In 1833 the first Anti-Slavery Society was started at the abolitionist movement was born. I was 15 years old at the time and very proud that my Uncle Thomas Whitson was a founding member. The next thirty years, from that first society to the Emancipation Proclamation, was a time of growing public awareness. My father and my uncle became well known as public speakers helping to build support for the cause..

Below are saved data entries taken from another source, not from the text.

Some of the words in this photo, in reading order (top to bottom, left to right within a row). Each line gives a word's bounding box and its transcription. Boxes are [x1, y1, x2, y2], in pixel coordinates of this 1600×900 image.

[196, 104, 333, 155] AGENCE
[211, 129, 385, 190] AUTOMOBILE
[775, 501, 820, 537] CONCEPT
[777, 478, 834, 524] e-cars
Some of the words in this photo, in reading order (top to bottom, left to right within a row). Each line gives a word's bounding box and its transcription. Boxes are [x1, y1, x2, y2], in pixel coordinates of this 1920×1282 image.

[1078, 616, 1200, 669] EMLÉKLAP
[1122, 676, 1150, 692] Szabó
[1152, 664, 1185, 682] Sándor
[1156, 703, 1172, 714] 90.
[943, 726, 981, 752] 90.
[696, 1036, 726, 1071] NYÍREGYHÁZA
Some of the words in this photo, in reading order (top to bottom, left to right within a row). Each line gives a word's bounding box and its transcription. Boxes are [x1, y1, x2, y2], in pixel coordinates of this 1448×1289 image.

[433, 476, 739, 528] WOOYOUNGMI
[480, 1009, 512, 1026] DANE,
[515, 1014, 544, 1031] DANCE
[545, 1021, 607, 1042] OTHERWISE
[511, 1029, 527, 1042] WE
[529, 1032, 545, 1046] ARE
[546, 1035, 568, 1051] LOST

At this time I was very proud that my parents gave me increasing opportunities to do farm work and to help with my parents’ abolitionist activities. This work was exciting and satisfying. I developed my wood and metal working skills that would serve me all my life as I built barns and furniture, rebuilt the workings of a mill, worked at the Conestoga Wagon Company and the Studebaker Wagon and farm machinery factory in Indiana.
My happiest memories of my formative years, however, were of Sunday afternoons with family and friends. Sundays started with meeting at the Bart Meetinghouse where my father was a well-known and powerful Quaker preacher. My mother was a gracious hostess and we often had dinner guests following meeting. For entertainment, my brothers and I often raced horses with other young men from the Bart Meeting. We also engaged in a variety of youthful contests. One of the favorites was scything and cradling. In the days before mowing machines and grain binders, hay and grain were cut by hand with a scythe. The cradle was a frame attached to the scythe to catch the grain so that enough to make one bundle was set down in one place. My brothers and I were taller and broader shouldered than most and were proud of the speed with which we could cut hay and grain. We often challenged visiting Quakers to Sunday afternoon contests. One much smaller man who could beat us, though, was Elias Hicks.
These Sunday afternoon activities were especially bothersome to our Presbyterian neighbors who believed in strictly “keeping the Sabbath.” They did not approve of our racing horses up and down Valley Road, nor did they greatly approve of our justification for breeding fast horses (we claimed to need fast horses to outrun pursuing slave catchers). My father once responded to a Presbyterian minister’s criticism by noting that Whitsons kept the Sabbath at least as well as any minister who earned his main livelihood by Sunday preaching.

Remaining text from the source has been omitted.